What does RMS² = Mean² + Variance mean?+
This follows from the variance identity: Var = E[x²] − (E[x])², rearranged to E[x²] = Mean² + Var. Since RMS² = E[x²], we get RMS² = Mean² + Variance. Practically: if you know mean = 3 and SD = 4, then RMS = √(3²+4²) = √25 = 5. RMS captures both the mean level and the spread.
When is RMS used in engineering?+
RMS is used for: AC circuit analysis (V_rms for power calculations), audio signal levels (dBu/dBV reference V_rms), vibration analysis (RMS acceleration for machinery health monitoring), noise floor in electronics (RMS noise voltage in nV/√Hz), and data science (RMSE for model accuracy). It is the correct average whenever the physical quantity involves power or squared terms.

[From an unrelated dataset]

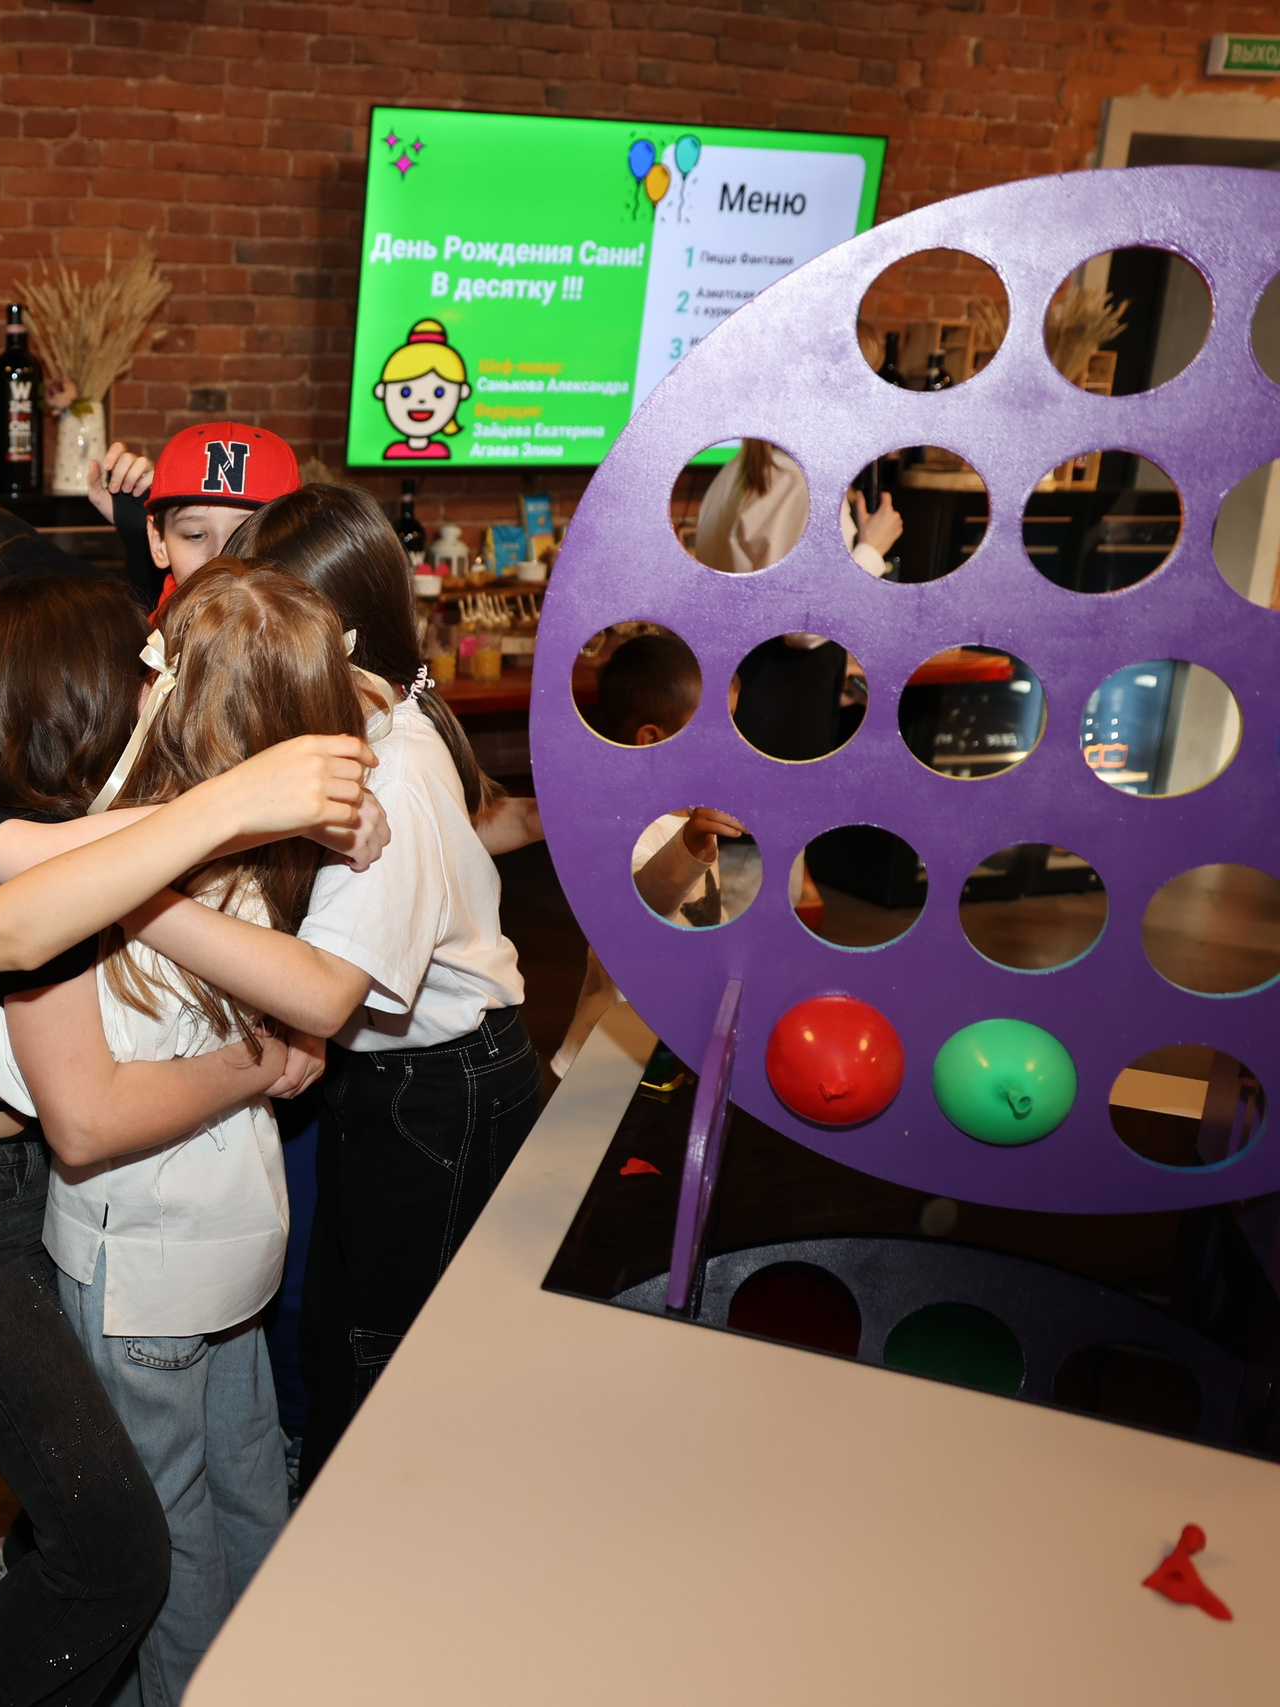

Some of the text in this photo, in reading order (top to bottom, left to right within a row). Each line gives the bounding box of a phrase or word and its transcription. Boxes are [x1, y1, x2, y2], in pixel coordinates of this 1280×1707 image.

How do I convert peak voltage to RMS?+
For a sine wave: V_rms = V_peak / √2 ≈ 0.7071 × V_peak. For a square wave: V_rms = V_peak. For a triangle wave: V_rms = V_peak / √3 ≈ 0.5774 × V_peak. Example: a 20V peak sine wave delivers 20/√2 ≈ 14.14V RMS, giving 14.14²/8 ≈ 25W into an 8Ω load.
What is the RMS of a sine wave?+
For a sine wave sin(t) with amplitude A: RMS = A/√2 ≈ 0.707A. The average absolute value is 2A/π ≈ 0.637A. Form factor = RMS/Average = π/(2√2) ≈ 1.1107. These are fundamental constants in AC analysis. For a 50Hz, 230V RMS mains supply, the peak amplitude is 230√2 ≈ 325V.

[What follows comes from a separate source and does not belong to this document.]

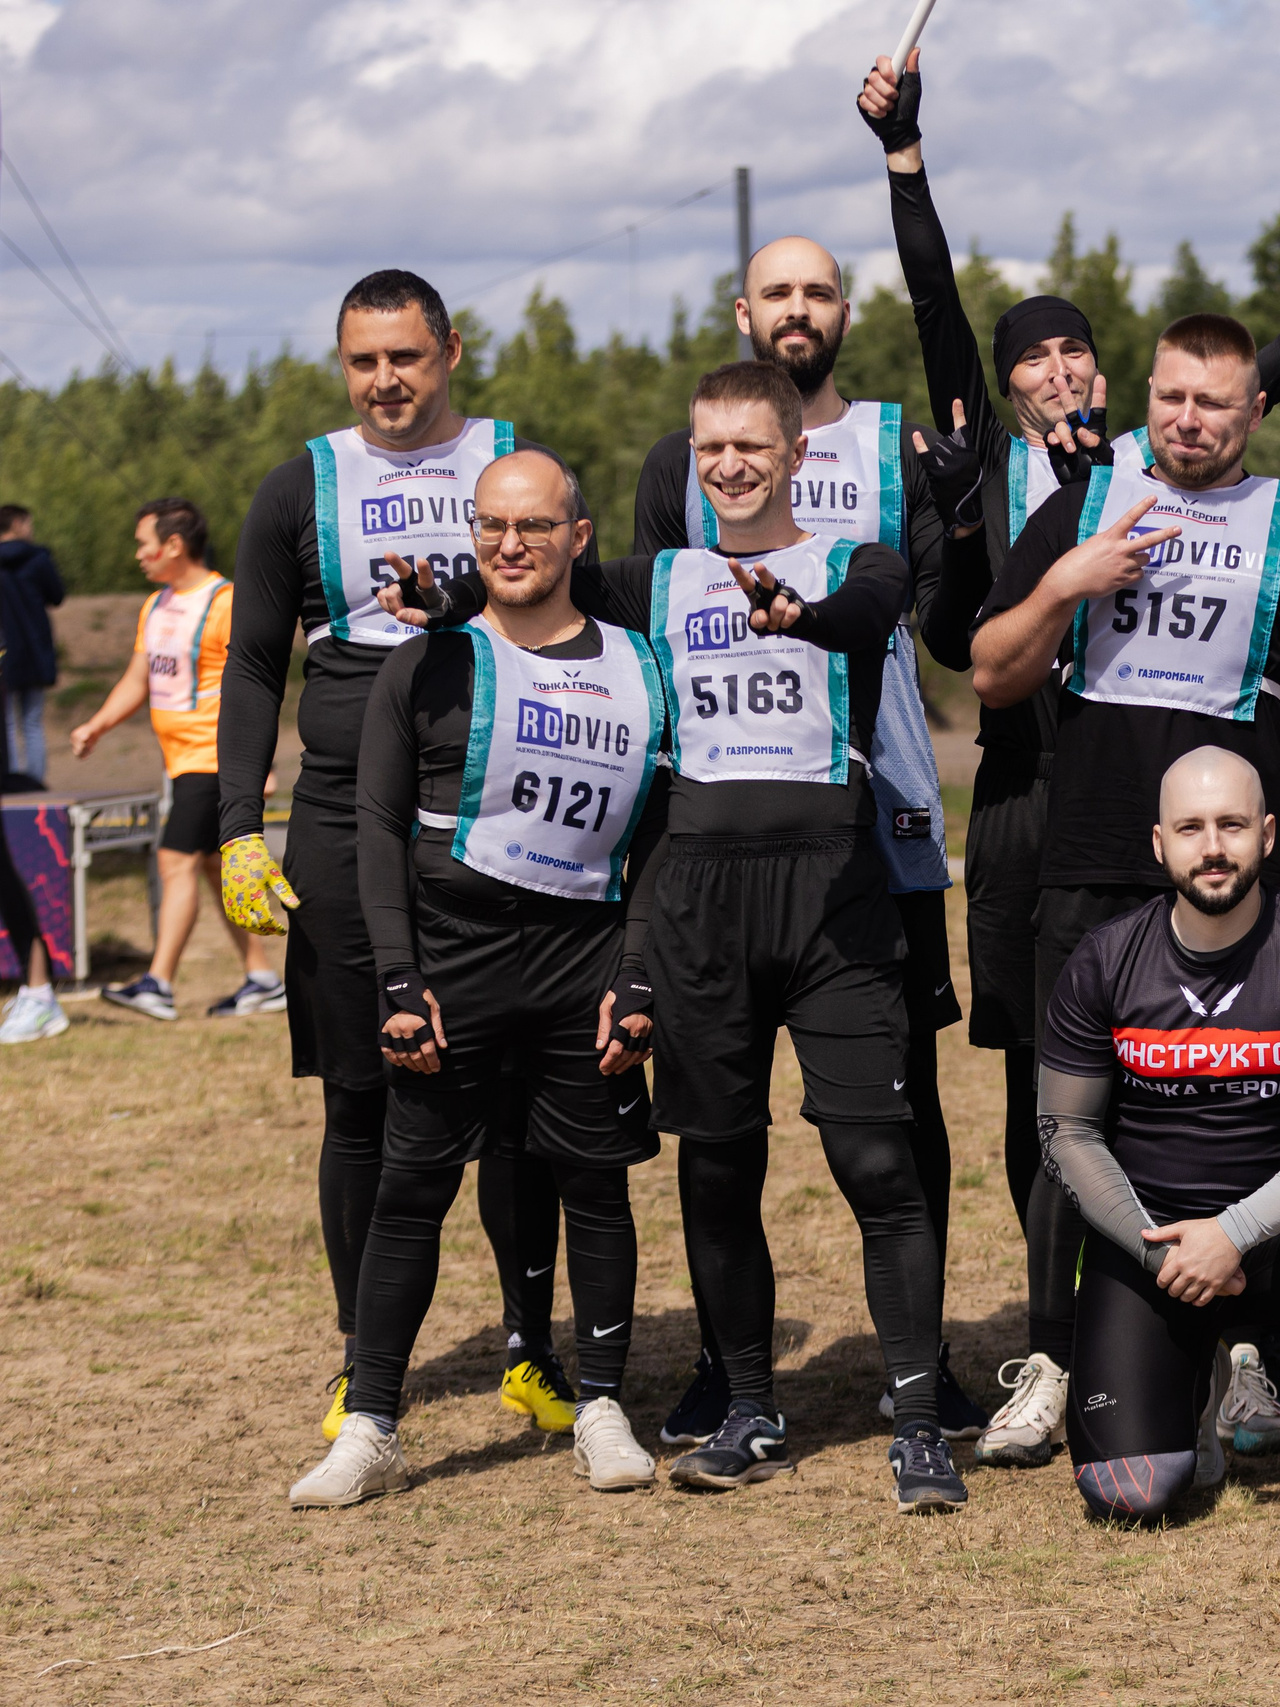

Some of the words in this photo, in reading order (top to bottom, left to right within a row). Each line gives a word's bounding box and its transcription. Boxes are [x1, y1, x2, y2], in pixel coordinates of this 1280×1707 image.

What is RMSE (Root Mean Square Error)?+
RMSE = √(Σ(predicted − actual)² / n). It measures prediction error in machine learning and statistics. RMSE penalizes large errors more than MAE (Mean Absolute Error) because errors are squared before averaging. RMSE has the same units as the target variable, making it more interpretable than Mean Squared Error (MSE).
How do I calculate RMS in Excel?+
Use =SQRT(SUMSQ(A1:A10)/COUNT(A1:A10)). For AC voltage from peak: =A1/SQRT(2). For RMSE: =SQRT(SUMPRODUCT((actual-predicted)^2)/COUNT(actual)). There is no built-in GEOMEAN-like function for RMS, but SUMSQ combined with COUNT and SQRT handles any list cleanly.
Why is RMS called the quadratic mean?+
RMS is a special case of the power mean with exponent p=2 (squaring = quadratic). The power mean family: HM (p=−1) ≤ GM (p→0) ≤ AM (p=1) ≤ RMS (p=2). So RMS is always the largest common mean for positive values. The name 'quadratic mean' emphasizes the squaring step that distinguishes it from arithmetic mean.